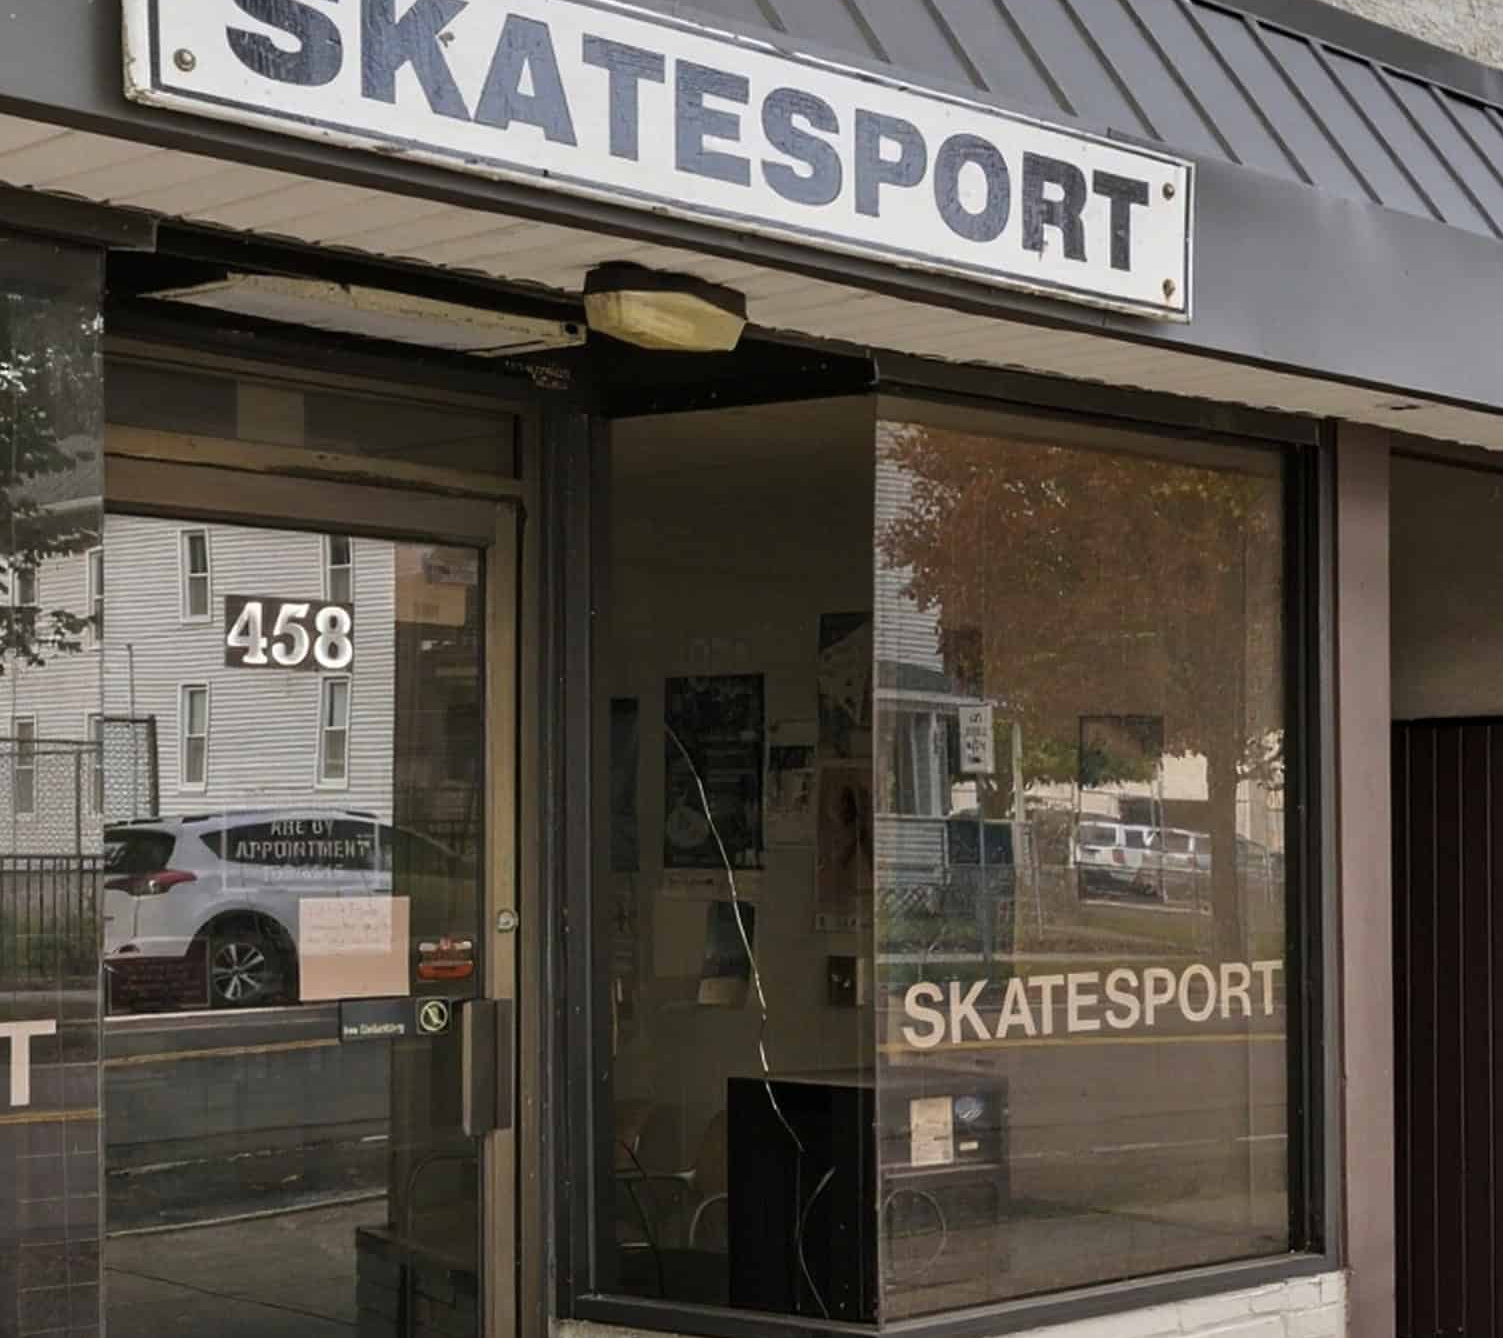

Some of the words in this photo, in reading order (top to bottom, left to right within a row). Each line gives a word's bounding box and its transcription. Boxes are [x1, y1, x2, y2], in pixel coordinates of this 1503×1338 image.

[227, 601, 353, 669] 458
[235, 840, 372, 860] APPOINTMENT
[901, 960, 1285, 1050] SKATESPORT
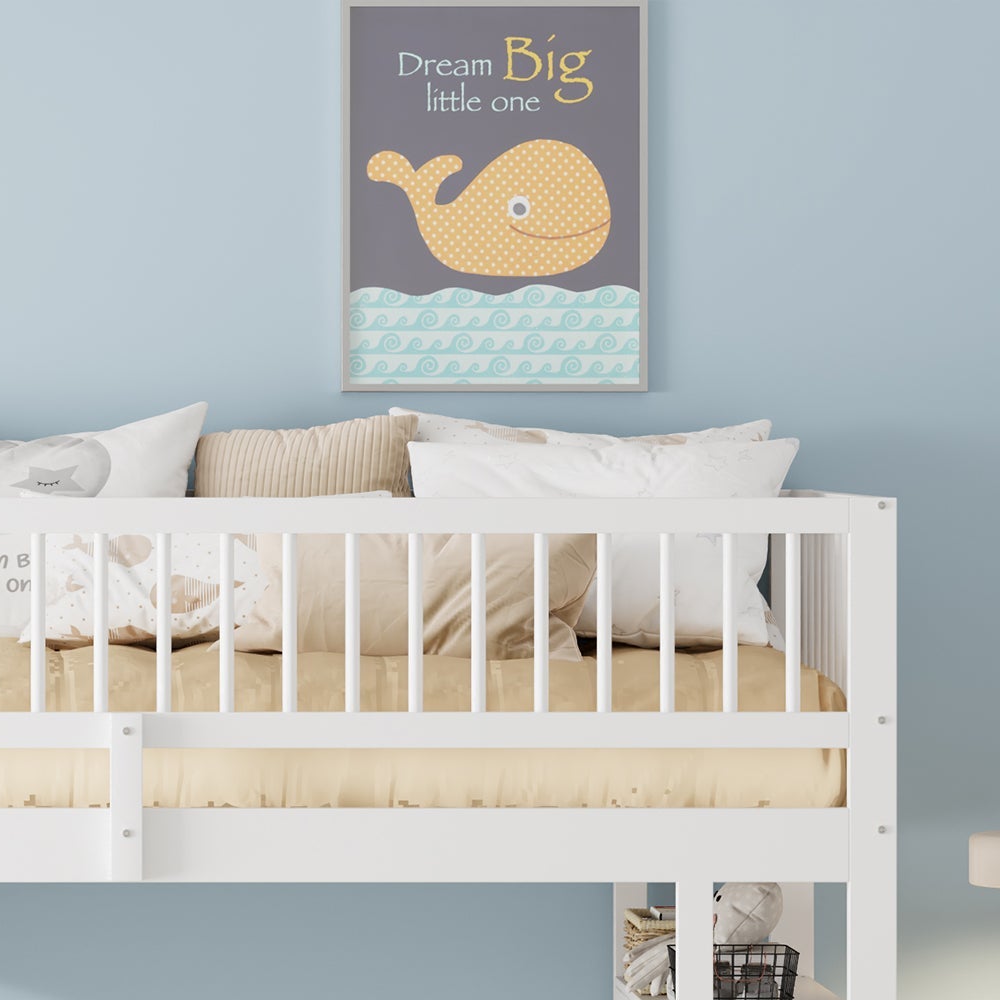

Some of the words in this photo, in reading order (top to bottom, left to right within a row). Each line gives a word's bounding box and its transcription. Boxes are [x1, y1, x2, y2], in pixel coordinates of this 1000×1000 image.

[397, 52, 493, 77] Dream
[503, 34, 594, 104] Big
[426, 82, 482, 112] little
[491, 95, 542, 112] one
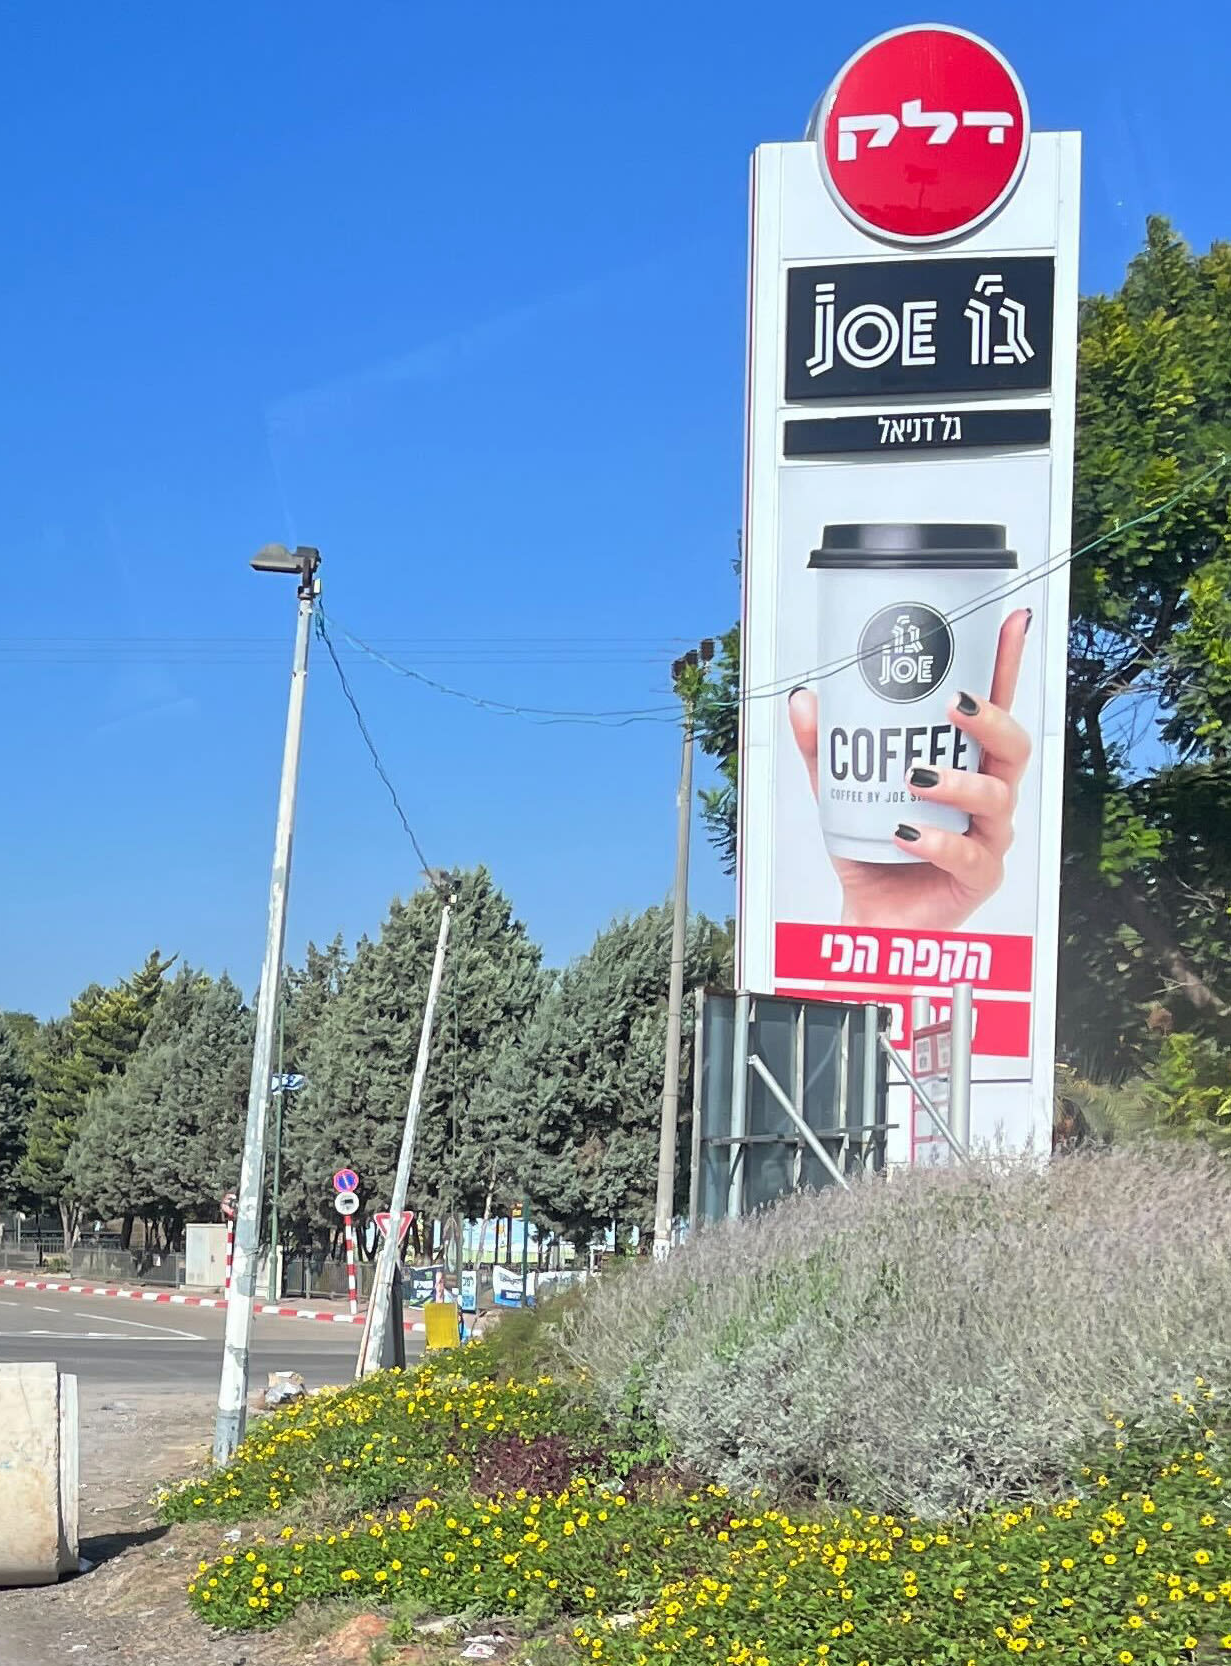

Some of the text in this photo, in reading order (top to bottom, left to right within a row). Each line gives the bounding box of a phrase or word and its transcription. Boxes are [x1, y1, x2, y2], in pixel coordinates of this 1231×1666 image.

[838, 99, 1014, 161] דלק
[878, 414, 961, 443] גל דניאל
[878, 650, 933, 686] JOE
[831, 788, 863, 802] COFFEE
[868, 791, 880, 802] BY
[886, 791, 905, 803] JOE
[821, 933, 992, 983] הקפה הכי

══════════

You need to copy every entry exactly, taking out only the pictures.

-- Problem solution --
Some of the words in this photo, in reading order (top to bottom, left to right within a row). Each line gives a word's bounding box and its transcription. Boxes are [x1, y1, x2, y2], in pixel coordinates of this 1503×1338 image.

[227, 601, 353, 669] 458
[235, 840, 372, 860] APPOINTMENT
[901, 960, 1285, 1050] SKATESPORT

Some of the words in this photo, in reading order (top to bottom, left to right within a row). Each line gives a word's bounding box and its transcription. Boxes are [x1, y1, x2, y2], in pixel coordinates of this 1000×1000 image.

[397, 52, 493, 77] Dream
[503, 34, 594, 104] Big
[426, 82, 482, 112] little
[491, 95, 542, 112] one

Some of the text in this photo, in reading order (top to bottom, left to right within a row). Each line gives the bounding box of a phrase or word and its transcription. Boxes are [x1, y1, x2, y2], in pixel coordinates of this 1231×1666 image.

[838, 99, 1014, 161] דלק
[878, 414, 961, 443] גל דניאל
[878, 650, 933, 686] JOE
[831, 788, 863, 802] COFFEE
[868, 791, 880, 802] BY
[886, 791, 905, 803] JOE
[821, 933, 992, 983] הקפה הכי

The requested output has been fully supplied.